New sensors are 50 bucks. I didn't really want to spend that, since the sensor itself still worked, so I took a closer look at the bike.

Most modern bikes have remarkably little cable jacket. They have a length from the handlebars to the nearest fixed tube of the frame, where they pass through a cable stop. Here, the jacket ends, and the bare inner steel cable extends along the tube to another cable stop, where the jacket begins again, and the cable winds to its destination. Because the cable jacket stays the same length (it's supported by the cable stops and the frame) the shifting works as you'd expect.

My remaining shifter cable is jacketed along its whole length. I had to reroute it to make room for the motor. However, there is a cable stop that originally served the rear derailleur. It was the point where the bare cable ended and the jacket came back for the loop of cable that goes around the derailleur and controls it. Even better, it was right next to the sensor. One end of the jacket's length could be controlled by just re-using this cable stop. Awesome. All I had to do was figure out how to control the other one.

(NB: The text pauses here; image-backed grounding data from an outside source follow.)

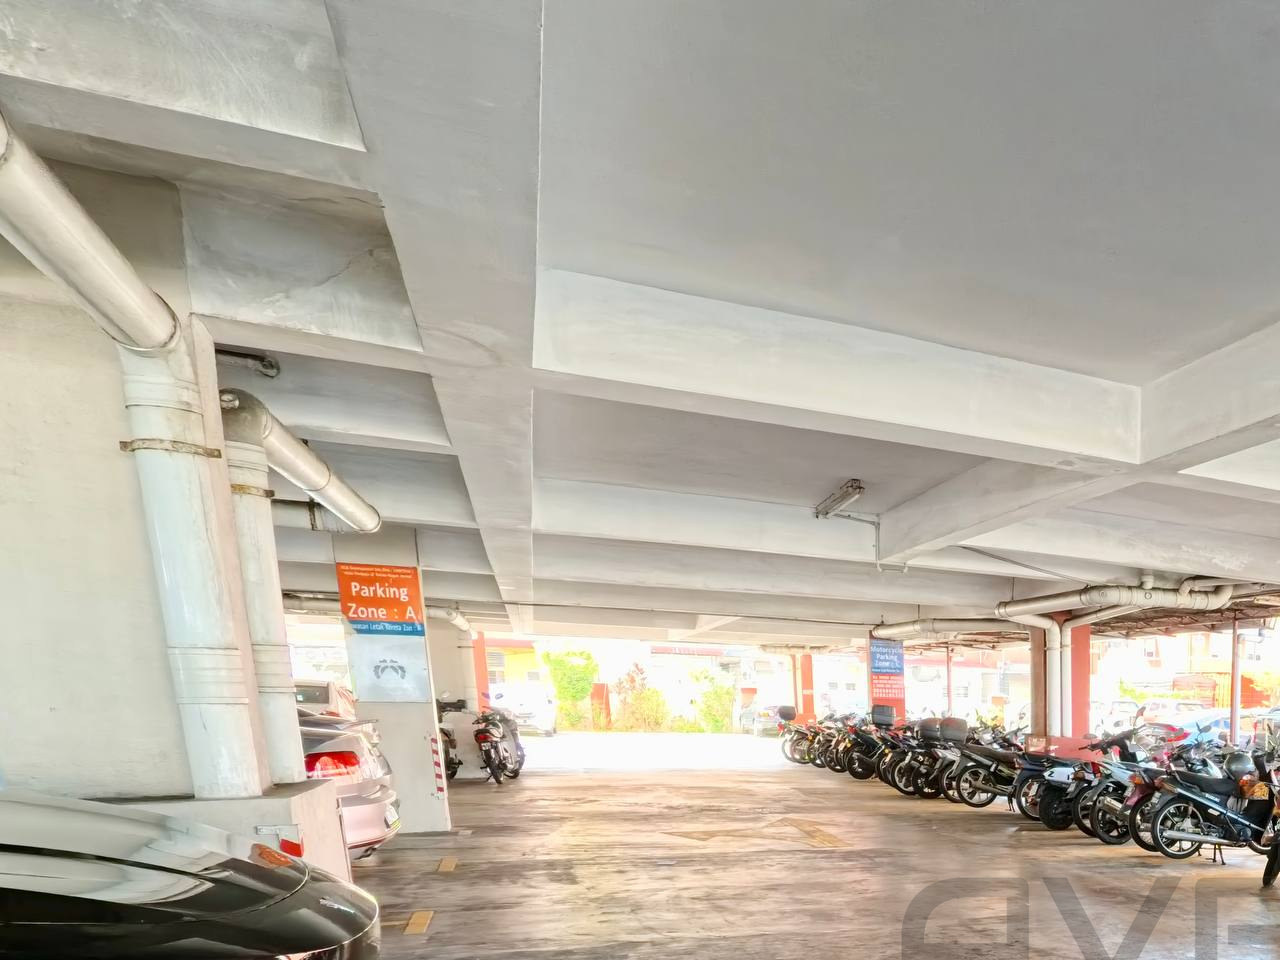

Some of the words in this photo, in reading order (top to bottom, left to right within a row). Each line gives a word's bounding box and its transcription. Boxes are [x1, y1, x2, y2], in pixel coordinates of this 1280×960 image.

[351, 582, 409, 602] Parking
[347, 603, 387, 619] Zone
[405, 607, 416, 619] A
[870, 646, 903, 655] Motorcycle
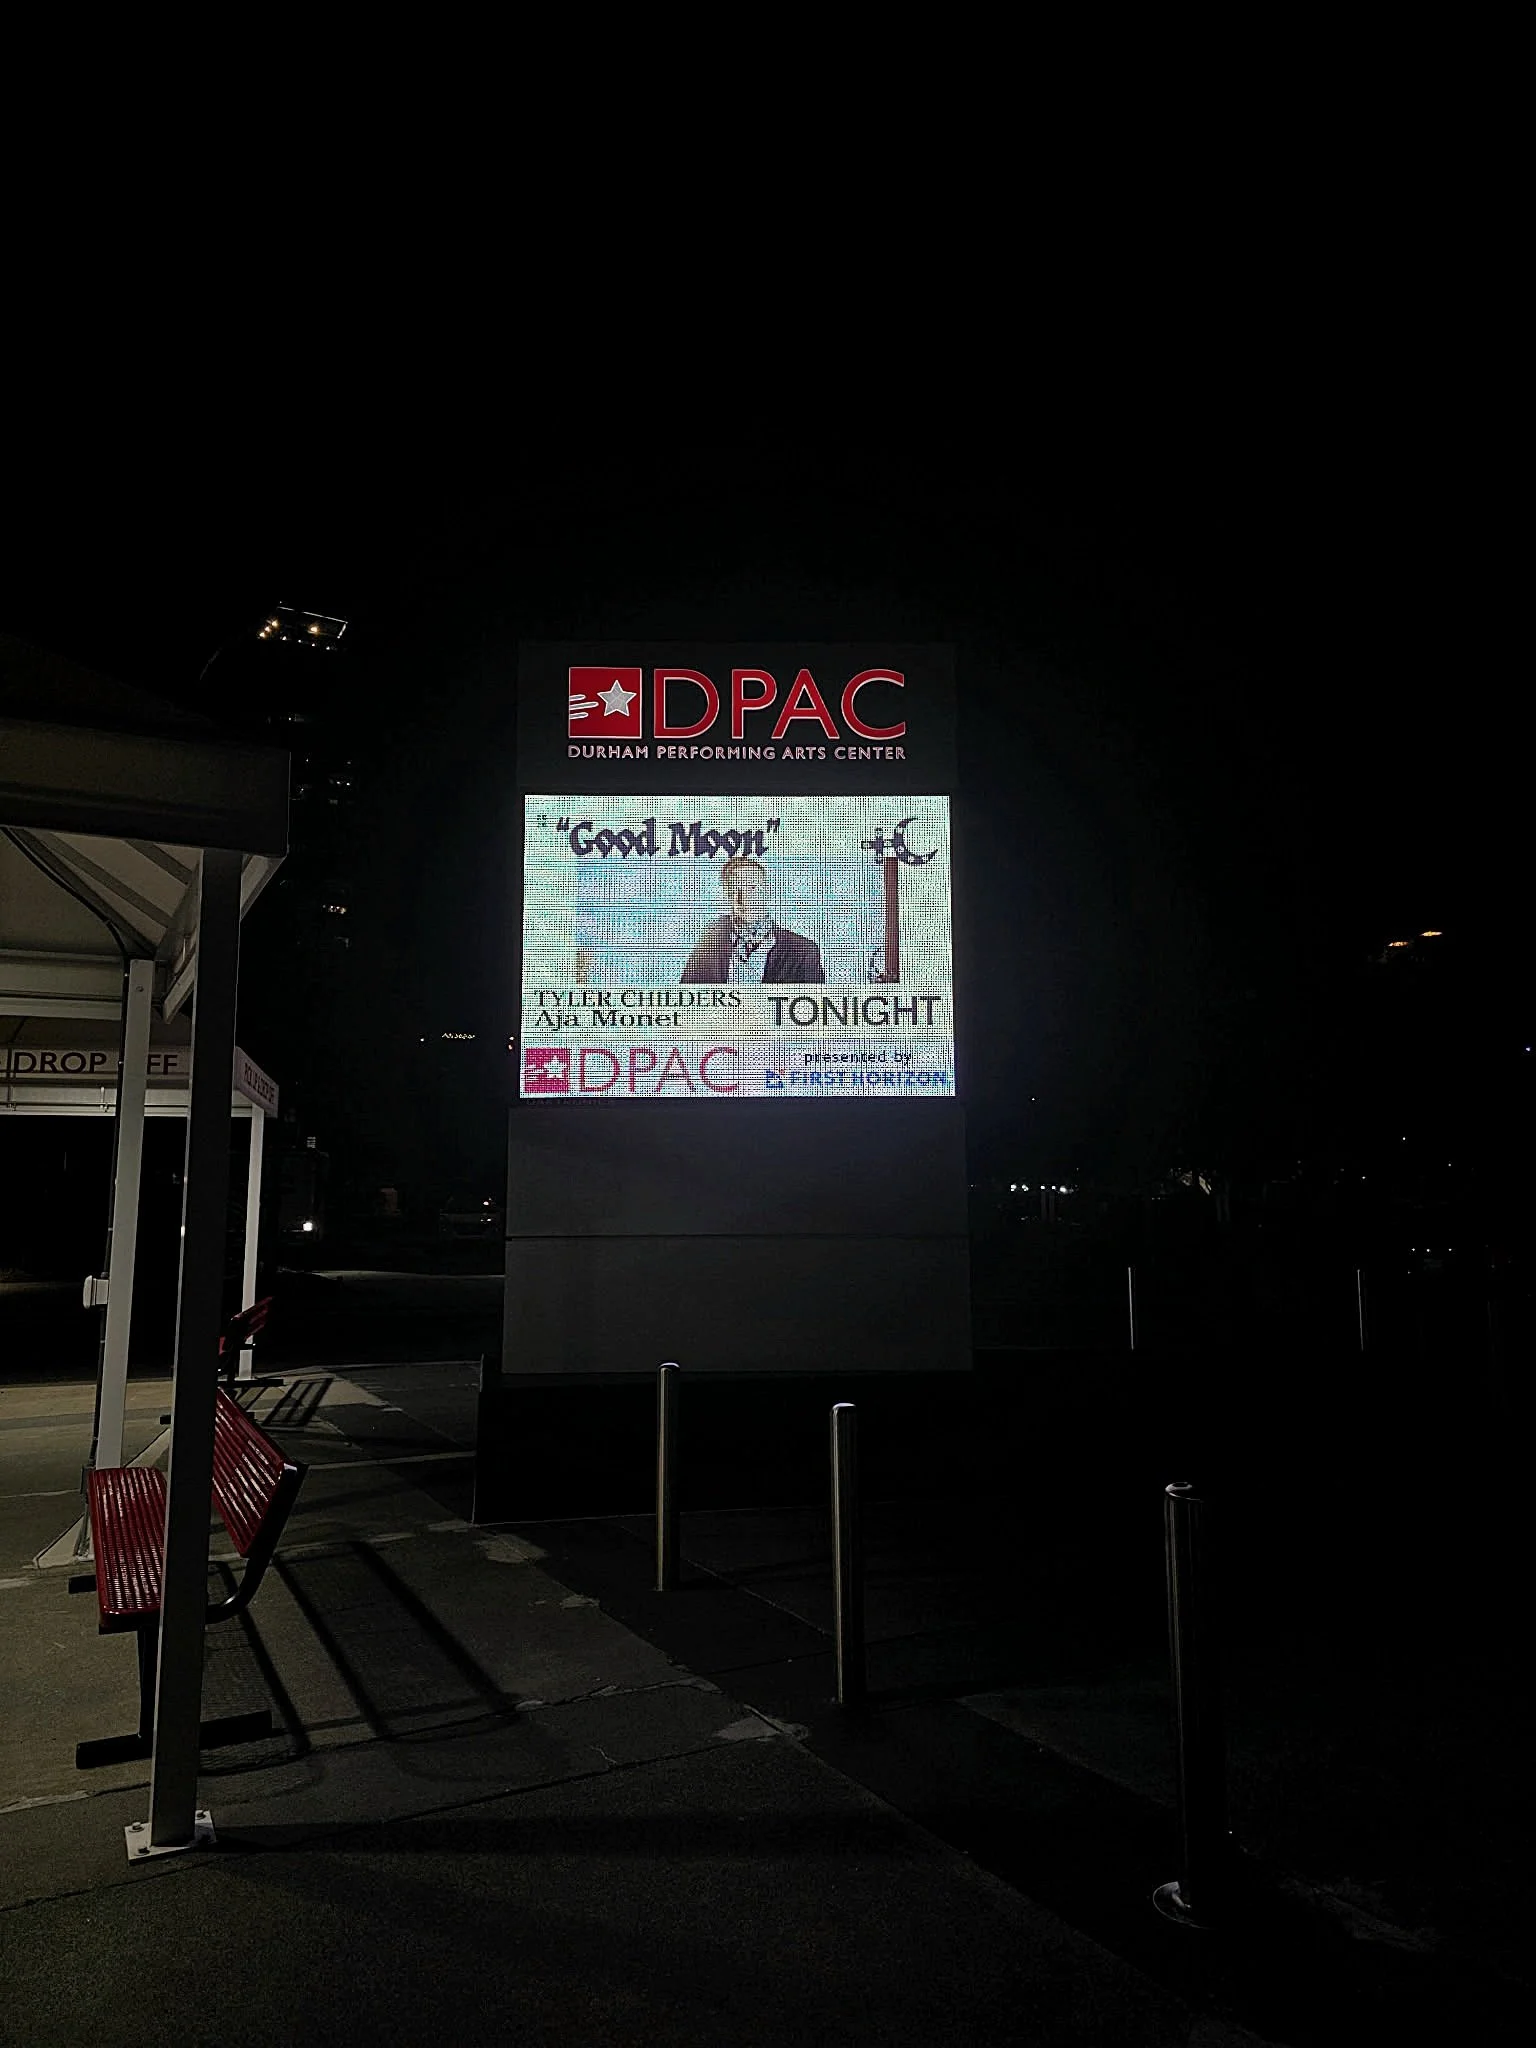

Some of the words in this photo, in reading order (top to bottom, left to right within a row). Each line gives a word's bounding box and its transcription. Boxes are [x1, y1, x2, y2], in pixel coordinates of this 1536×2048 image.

[653, 668, 906, 740] DPAC
[568, 745, 649, 759] DURHAM
[656, 746, 776, 760] PERFORMING
[781, 746, 826, 760] ARTS
[834, 746, 906, 760] CENTER
[534, 990, 616, 1007] TYLER
[620, 990, 741, 1008] CHILDERS
[534, 1010, 580, 1031] Aja
[592, 1010, 682, 1027] Monet
[767, 996, 942, 1026] TONIGHT
[14, 1052, 107, 1074] DROP
[147, 1054, 178, 1075] FF
[804, 1050, 887, 1065] presented
[893, 1050, 912, 1067] by
[579, 1046, 739, 1094] DPAC
[790, 1071, 847, 1087] FIRST
[851, 1071, 948, 1088] HORIZON

So I 3d printed another cable stop, from a design I found online, modified to take a beefier ziptie. Yes, my whole bike is held together with zipties. I took the rear shifter cable apart, mounted this new cable stop, threaded the cable through the old cable stop, readjusted everything, and my shifting was solid again. Yay me!

But wait, there's more.

Two rides later, the magnet that triggers the speed sensor (on the other side of the rear wheel) fell off somewhere on the trail.

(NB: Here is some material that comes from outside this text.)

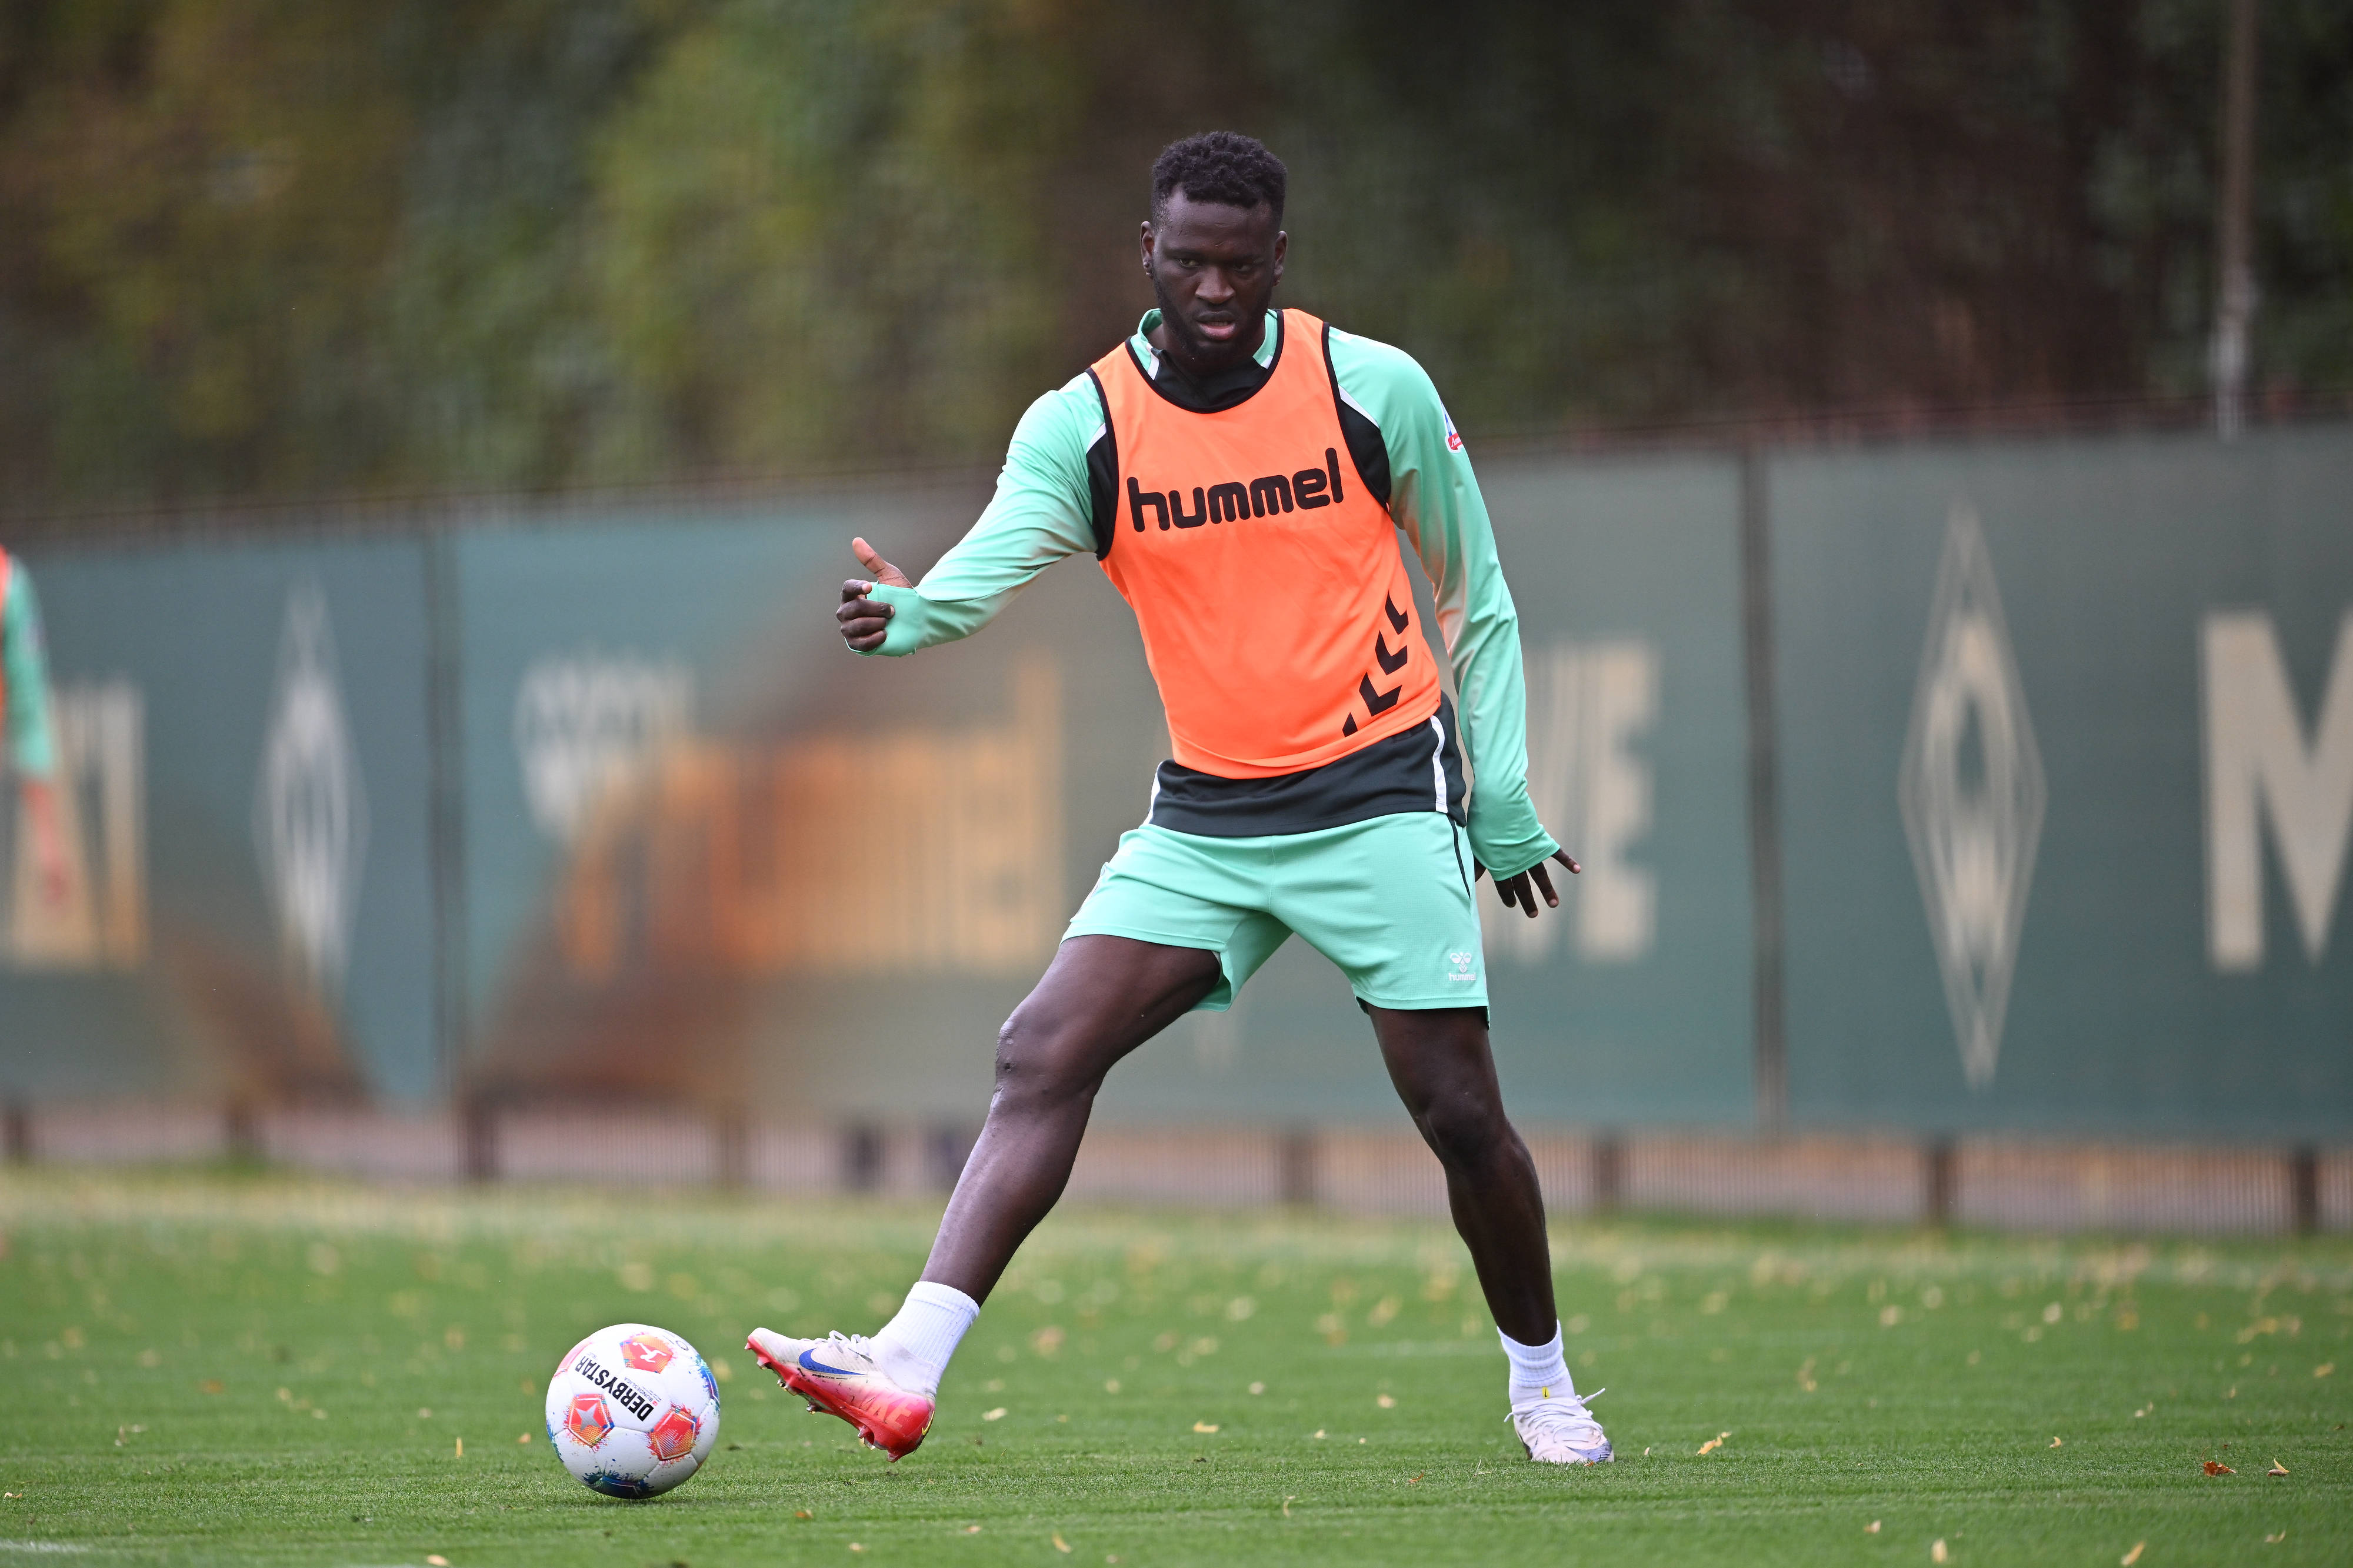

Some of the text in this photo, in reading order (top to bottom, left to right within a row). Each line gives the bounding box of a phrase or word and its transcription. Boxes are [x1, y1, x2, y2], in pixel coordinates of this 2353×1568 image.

[1126, 448, 1344, 532] hummel
[1449, 972, 1476, 981] hummel
[575, 1356, 654, 1422] DERBYSTAR
[624, 1377, 653, 1402] BUNDESLIGA

In truth, my bike could have lived without the shift sensor. It was an addon to help prolong the life of the cogs, by turning off the boost while you're shifting. The speed sensor, by contrast, is mission critical. I've mentioned that my bike is street legal as a class 2 ebike. In no small part, this is because the motor computer cuts the boost at 20MPH. Having no speed sensor also means my odometer doesn't work, which means I have no idea how far I've ridden. Which is a bummer.

Exasperated by this point, I went to Michaels with my sweetie and bought a six-pack of little 1/4 inch neodymium magnets. They're much stronger than the ceramic magnet that was in the sensor trigger in the first place. After some tinkering (read: more zipties) I moved the sensor a bit closer to the axle and superglued one of those magnets to the hub. Along with significant bits of my fingers, no doubt. I hate superglue.

This worked great.

But wait, there's more. I'm not making this up.

I got a couple rides before my rear tire started going flat in the middle of the ride. Another slow (but not slow enough) leak. By the time I got it home, I was, once again, just barely not riding on my rims.

"What the heck?" I said. Actually, that's a lie, I have a full and colorful vocabulary of profanity that got exercised on my ride home. It was mostly exhausted by the time I got there.  "Perhaps," I reasoned, "the real problem with the front tube was that I bent both the original valve core and the replacement with that adapted hand pump. So I replaced the valve core with my new valve core tool and pumped up the tire. And then left the bike in the garage overnight. In the morning? Flat as a pancake. Exasperated, I took my old front tube (which the bike shop in Colorado Springs had replaced) to test and see what had gone wrong. (The front tire, by this time, was still holding the same air they'd put in it weeks before.)

The old front tube leaked through a seam. Whether it was defective originally, or whether it had gotten pinched when I first started riding these wheels, I don't know. At the time I was fairly convinced it was a factory defect, and that there was no earthly point in putting tube #4, my last spare, in the rear of the bike.

More colorful language. With considerably greater care than I really felt like exercising (lest I break something //else//) I shoved the bike back into my CRV and drove it to my favorite LBS, also the source  of my "defective" tubes, and explained my sad tale of woe to the bike mechanic there. He examined my rear wheel closely. "Hmm." he said, "your back tire has a thorn." He showed me where it went through to the inside. As a result, he sold me a new, heavier duty tube, and filled both my front tube (which up to that point was still fully pressurized) and the new rear tube with sealant. I should mention that he also removed the thorn.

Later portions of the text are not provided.